… the story of a girl without a clue
(photo from picturesofengland.com)
“You’re telling me,” Claire said.
Exec Prefecture watched her speak, then shook his head and looked out the leaded-glass windows of his family’s 37-room country château homestead bungalow, in Upper Really near the falls. He knew they had a common bond when he first saw Claire, sitting on a window stool at The Total Perk.
It was a Tuesday in early June. A slim, female-type member of the spec, she was eating a half-pound cranberry muffin, washed down with a 24-ounce Total La-Tay-Dah. Exec — pronounced “Ex-‘ek” like the abbreviation — had switched from half-pound cran-muffs just a month before, when Dr. Fensterdiggin’ told him he had the cholesterol of a sedentary 95-year-old living off of pork rinds and rum-spiked eggnog — “which is an Easter Clot Parade just a tad bit lacking in a storyline, for a boy of 25.”
“Whatever,” Exec replied, getting the Judy Garland ref and standing, about to turn and leave the doctor’s plush, book-lined mahogany forest of a study.
“Okay.” Doc continued. “Then I’d advise you to get your affairs in order, possibly within the next six months.”
“What affairs? I’m not seeing anyone?” Exec said defensively, forgetting for a moment that just because the doctor had his blood results, didn’t mean the corpuscles had necessarily given up his sex life.
CORPUSCLE OSCAR-EDGAR-BIG-BOY: Oh, man. I’ve been waiting to tell someone about this dog. Thanks for caring. For purely selfish reasons, the patient has created an extremely unhealthy work environment. So please — help us — FUCK-ING NOW!!!

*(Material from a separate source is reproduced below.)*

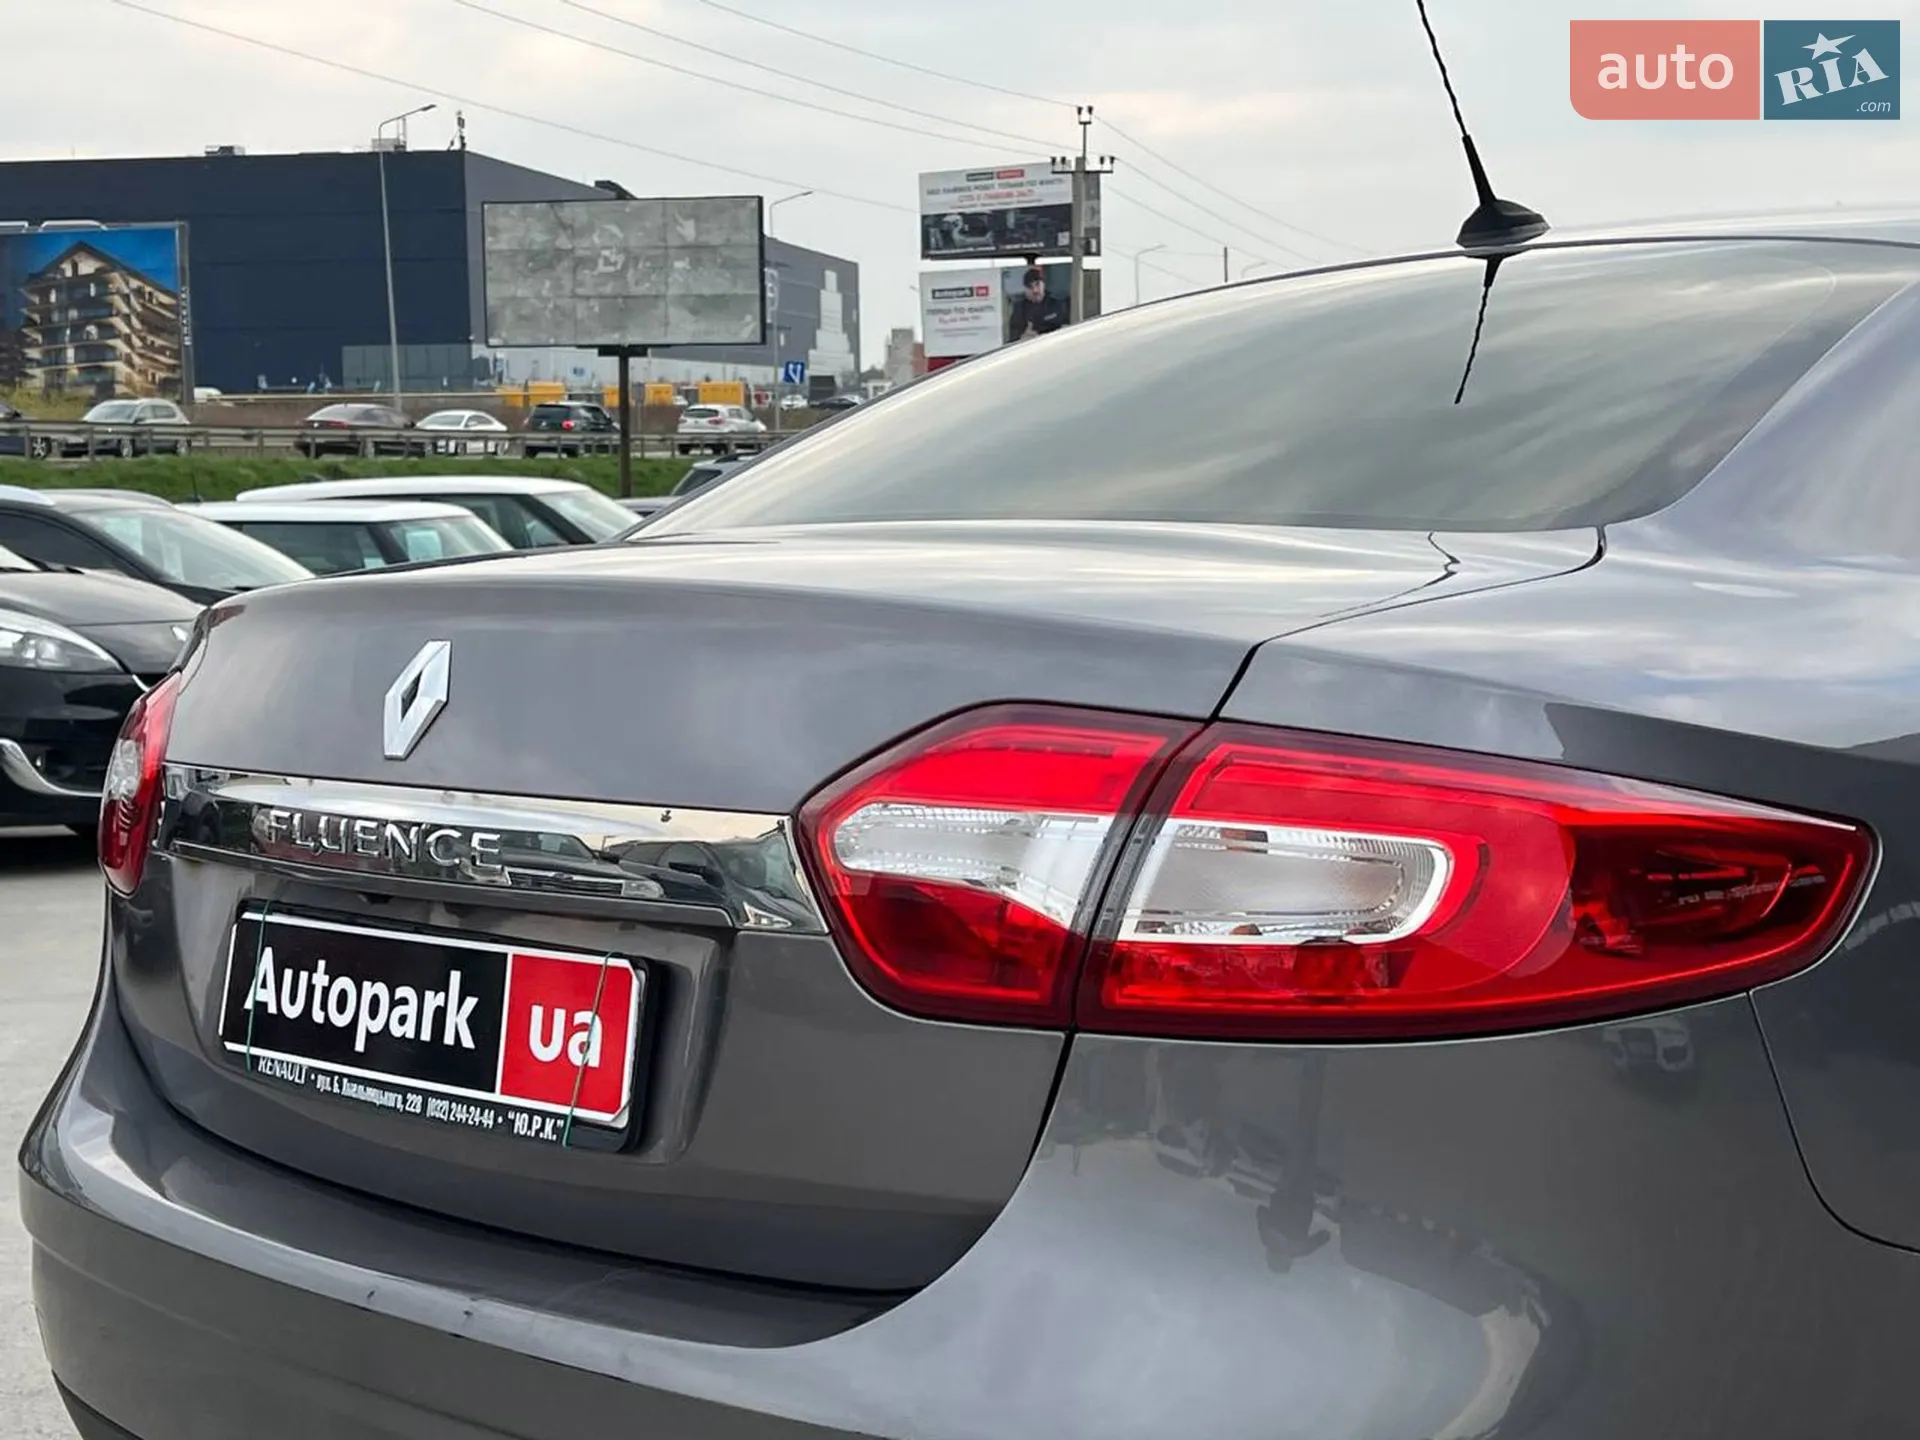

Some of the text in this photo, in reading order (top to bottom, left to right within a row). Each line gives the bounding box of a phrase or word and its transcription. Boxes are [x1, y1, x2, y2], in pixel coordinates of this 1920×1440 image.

[268, 809, 501, 868] FLUENCE
[243, 946, 602, 1069] Autopark ua
[258, 1056, 309, 1084] RENAULT

CORPUSCLE BETTY-INGRID-PARTY-GIRL: Oh, go soak your lub-dub, FuckenDorker. Don’t listen to him, Doc. He’s such a pussy blood.
“Sorry,” Exec quickly added, realizing he was breaking trad. “You’re right. I’ll try to do, a better job — of watching what goes down the Pie-R-Squared hole.”
“Okay.” Doc smiled, then paused. “Going home, E.P.?”
“Funny. I’m in a different movie, Doc,” he said, turning to the door. “Though I do feel like a total alien most of the time.”
“Of course. Is it the money you have a problem with?”
He stopped at the doorway, turning back. “No. In America, money would make you feel like an alien only if you had none. As Great-Aunt Gerwig liked to say: “If you have it and could give a shit, then you’d just be an ineffectual, martyr without a cause.”
“Brando on a Harley,” Doc said, using movie ref’s as often as possible.
“James Dean’s sister, in the film about a sausage and a girl named Casing. You really don’t know shit, do you, Doc?” He then turned and continued through the doorway.
Claire Voyant, the only child of Celeste Bestgirl Ringle and Richard An’Hangron Voyant, could not believe — at the age of seven when she first understood the wordplay in her name — that anyone would name a kid like that.
“Maybe it was an ironic challenge,” Exec offered, standing by the windows of the family, country château bungalow above.
Claire walked up to the window to his left. “I love this view.”
In the distance a long wing of Canada Geese was flying a hundred feet above the trees on the far side of the apple trees planted 50 years ago by immigrants from Pennsylvania. “Yeah. Too bad it’s so polluted by the money.”
“Ironic challenge, how?” she asked.
“A challenge to your sense of irony. So that it would not just lie down, roll over and become a habit of perception that said ‘Oh, please scratch my tummy, great and pretty godly gods of the fantasy of a permanent and lasting arrangement of cause and effect.'”
She breath laughed. “Just don’t scratch, below a certain point.”
“Right. Like the great and pretty godly gods of the fantasy of a permanent and lasting arrangement of cause and effect, are really good at following instructions.”
She looked at him, then back out the window. “I can’t really remember, the last time my stomach wanted scratching.”
They were quiet for a few beats, before she added: “Above a certain point.”